The input and output size of the module are both 256 × 256 × 3. The kernel sizes of all convolution and deconvolution are set to 3 × 3 and the downsample layers are set to 2 × 2.The resolutions of feature maps are equal inthe same convolution layer.

https://doi.org/10.1371/journal.pone.0265564.g002

Due to the different positions and angles of the camera, the forms and sizes of objects are significantly different. Recently, the HDC network can successfully tackle the multi-scale feature extraction task to benefit from the spatial feature information of things. At the same time, the detailed spatial information tends to lose partly due to the downsampling of the U-Net structure. To improve the representative capacity of the whole model, first, the proposed network can extract multi-scale spatial information; second, it can make up for the detailed information loss because of the downsampling operation. Therefore, we add the HDC network starting from the second downsampling layer of the U-Net to capture the features as detailed as possible. The previous study shows that the convolution before first downsampling will not cause loss to feature data.

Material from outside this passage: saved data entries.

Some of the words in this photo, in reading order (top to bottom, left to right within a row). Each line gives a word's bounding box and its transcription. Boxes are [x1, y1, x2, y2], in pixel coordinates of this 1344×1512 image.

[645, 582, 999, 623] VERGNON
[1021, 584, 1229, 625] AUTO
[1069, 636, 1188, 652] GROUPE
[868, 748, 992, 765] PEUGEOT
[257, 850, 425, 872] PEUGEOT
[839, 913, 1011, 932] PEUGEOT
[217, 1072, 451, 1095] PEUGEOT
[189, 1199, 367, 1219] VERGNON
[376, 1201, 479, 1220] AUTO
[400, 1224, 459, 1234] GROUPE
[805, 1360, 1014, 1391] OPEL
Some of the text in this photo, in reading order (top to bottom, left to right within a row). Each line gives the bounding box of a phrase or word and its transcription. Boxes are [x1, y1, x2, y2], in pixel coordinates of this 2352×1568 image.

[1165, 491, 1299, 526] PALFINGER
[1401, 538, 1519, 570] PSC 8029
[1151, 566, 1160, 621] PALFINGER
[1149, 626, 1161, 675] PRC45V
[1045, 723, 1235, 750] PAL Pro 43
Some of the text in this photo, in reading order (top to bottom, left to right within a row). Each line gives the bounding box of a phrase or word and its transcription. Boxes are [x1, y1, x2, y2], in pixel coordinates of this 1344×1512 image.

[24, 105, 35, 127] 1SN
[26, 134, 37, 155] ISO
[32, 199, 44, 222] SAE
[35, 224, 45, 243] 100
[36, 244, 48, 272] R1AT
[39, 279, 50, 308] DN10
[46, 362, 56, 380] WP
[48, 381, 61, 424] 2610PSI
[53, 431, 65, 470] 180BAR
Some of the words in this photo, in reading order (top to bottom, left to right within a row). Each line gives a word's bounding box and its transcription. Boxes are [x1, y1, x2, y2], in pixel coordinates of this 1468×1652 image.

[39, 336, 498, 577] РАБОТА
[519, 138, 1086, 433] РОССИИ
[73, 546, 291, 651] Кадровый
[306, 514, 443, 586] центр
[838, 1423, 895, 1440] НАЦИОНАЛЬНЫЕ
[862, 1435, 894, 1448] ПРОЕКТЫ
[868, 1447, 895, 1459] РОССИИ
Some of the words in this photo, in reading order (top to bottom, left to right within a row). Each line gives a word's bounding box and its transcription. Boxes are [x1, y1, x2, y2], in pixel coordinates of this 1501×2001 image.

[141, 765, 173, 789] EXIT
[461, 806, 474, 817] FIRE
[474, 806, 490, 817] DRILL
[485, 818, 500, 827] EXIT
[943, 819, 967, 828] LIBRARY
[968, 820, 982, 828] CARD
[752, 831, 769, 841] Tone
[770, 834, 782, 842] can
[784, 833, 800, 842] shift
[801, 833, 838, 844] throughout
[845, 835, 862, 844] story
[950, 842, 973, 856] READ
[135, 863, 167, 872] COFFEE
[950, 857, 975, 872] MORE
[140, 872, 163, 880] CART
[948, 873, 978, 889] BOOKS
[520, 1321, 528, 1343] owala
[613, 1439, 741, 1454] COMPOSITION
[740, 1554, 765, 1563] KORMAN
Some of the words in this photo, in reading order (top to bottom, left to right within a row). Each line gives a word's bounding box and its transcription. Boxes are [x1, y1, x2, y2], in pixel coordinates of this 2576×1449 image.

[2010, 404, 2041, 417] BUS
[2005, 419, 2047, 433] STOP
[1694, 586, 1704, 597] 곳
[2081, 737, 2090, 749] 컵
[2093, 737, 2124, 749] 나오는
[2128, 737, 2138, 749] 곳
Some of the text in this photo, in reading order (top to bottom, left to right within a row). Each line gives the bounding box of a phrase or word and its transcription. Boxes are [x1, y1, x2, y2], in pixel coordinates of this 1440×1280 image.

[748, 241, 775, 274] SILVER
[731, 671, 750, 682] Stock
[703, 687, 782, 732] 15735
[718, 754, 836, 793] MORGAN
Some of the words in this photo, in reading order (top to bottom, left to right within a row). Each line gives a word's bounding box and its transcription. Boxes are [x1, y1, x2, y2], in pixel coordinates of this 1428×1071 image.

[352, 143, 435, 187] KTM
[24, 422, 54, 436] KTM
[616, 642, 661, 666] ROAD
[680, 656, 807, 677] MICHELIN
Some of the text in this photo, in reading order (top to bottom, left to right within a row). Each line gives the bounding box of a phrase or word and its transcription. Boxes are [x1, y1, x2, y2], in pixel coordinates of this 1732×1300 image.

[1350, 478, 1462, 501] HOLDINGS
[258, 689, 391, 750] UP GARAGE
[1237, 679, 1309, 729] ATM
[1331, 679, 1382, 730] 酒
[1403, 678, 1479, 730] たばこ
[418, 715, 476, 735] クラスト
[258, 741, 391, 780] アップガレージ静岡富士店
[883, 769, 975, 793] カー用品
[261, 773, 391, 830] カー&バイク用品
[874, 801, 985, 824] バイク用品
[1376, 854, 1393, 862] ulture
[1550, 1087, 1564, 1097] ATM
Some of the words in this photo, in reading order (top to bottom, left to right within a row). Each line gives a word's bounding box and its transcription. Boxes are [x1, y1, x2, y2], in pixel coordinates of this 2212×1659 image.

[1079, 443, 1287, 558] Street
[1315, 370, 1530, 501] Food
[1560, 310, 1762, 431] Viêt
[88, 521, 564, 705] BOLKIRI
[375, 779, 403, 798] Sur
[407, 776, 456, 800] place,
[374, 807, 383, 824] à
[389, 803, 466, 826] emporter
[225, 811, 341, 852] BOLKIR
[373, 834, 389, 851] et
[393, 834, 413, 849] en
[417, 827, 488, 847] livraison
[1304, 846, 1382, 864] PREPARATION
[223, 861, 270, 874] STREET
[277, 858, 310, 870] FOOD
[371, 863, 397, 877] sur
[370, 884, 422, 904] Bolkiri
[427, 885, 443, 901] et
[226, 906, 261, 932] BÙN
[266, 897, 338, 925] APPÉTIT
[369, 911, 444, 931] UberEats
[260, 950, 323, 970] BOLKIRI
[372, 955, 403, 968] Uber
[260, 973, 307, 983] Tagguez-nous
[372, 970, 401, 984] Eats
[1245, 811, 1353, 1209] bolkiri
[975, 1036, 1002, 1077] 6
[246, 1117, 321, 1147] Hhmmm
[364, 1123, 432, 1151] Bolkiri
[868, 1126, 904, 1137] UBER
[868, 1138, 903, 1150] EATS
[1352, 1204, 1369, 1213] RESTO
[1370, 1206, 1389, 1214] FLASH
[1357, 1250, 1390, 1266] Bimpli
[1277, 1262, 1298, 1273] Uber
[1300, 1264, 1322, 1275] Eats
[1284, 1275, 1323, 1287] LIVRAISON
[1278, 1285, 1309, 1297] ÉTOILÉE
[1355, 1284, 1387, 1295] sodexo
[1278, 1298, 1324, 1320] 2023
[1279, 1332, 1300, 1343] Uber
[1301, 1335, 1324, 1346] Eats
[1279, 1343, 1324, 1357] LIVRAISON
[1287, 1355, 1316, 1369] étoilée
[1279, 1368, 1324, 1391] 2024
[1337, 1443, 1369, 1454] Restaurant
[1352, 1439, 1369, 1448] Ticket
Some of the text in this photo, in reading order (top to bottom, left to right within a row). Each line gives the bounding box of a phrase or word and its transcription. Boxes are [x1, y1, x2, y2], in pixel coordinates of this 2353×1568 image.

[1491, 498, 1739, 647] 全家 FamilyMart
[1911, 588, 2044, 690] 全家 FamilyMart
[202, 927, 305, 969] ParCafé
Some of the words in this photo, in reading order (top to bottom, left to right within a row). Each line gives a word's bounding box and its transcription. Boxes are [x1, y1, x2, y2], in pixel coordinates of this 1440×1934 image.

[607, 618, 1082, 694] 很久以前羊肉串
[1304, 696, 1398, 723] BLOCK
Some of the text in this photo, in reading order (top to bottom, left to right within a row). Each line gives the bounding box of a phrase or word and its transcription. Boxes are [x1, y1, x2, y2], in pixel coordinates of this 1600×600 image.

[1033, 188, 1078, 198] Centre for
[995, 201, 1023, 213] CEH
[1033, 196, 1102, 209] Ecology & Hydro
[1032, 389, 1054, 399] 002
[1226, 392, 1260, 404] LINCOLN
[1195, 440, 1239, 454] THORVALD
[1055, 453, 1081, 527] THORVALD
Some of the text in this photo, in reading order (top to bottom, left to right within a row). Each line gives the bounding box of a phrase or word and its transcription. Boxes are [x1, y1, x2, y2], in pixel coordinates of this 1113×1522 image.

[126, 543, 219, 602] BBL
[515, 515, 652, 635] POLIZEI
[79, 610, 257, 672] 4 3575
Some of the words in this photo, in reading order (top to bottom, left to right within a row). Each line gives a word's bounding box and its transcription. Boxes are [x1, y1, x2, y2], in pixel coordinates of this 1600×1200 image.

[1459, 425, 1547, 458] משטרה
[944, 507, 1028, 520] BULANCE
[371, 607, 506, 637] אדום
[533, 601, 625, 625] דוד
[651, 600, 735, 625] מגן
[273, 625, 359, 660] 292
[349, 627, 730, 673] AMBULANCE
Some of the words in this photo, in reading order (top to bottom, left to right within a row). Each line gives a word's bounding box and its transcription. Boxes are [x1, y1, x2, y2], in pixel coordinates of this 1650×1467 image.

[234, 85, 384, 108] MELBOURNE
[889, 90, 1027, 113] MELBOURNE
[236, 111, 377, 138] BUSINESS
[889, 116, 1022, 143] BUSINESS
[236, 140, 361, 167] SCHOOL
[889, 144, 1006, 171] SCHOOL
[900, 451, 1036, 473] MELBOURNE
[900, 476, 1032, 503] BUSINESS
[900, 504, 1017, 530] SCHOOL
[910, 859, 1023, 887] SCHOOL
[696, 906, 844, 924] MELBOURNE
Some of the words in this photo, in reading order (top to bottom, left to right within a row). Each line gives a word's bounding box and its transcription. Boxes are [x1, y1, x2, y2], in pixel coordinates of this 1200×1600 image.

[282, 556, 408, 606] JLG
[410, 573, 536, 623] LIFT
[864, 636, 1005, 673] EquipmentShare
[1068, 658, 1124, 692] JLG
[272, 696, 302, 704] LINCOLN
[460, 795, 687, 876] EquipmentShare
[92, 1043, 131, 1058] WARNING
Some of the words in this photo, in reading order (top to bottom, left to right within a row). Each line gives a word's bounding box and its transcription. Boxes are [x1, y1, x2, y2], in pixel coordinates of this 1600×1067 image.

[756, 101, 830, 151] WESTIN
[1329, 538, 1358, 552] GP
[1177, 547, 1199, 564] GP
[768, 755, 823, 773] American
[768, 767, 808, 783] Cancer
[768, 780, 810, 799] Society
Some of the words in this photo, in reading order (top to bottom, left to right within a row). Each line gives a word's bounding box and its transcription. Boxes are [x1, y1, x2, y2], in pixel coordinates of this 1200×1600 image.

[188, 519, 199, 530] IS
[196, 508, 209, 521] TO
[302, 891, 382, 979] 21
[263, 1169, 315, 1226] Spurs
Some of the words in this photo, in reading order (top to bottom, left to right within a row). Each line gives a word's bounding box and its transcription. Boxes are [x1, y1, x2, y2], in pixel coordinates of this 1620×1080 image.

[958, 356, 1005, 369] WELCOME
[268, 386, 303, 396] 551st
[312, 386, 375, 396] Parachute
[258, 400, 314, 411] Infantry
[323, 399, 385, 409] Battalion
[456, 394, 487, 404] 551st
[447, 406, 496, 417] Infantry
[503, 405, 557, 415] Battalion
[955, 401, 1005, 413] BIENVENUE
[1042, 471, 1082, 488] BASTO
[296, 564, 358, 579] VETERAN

The structure of HDC is presented in Fig 3. The input feature data are sent into three different model streams. These streams can obtain different receptive field sizes and extract multi-scale features using a set of dilated convolution with varying dilation rates. To the best of our knowledge, a low dilation rate seems suitable for capturing features of small objects, while a high dilation rate is fit for big things. Finally, the feature maps from each stream are concatenated with the input feature data for comprehensively considering multi-scale spatial features information.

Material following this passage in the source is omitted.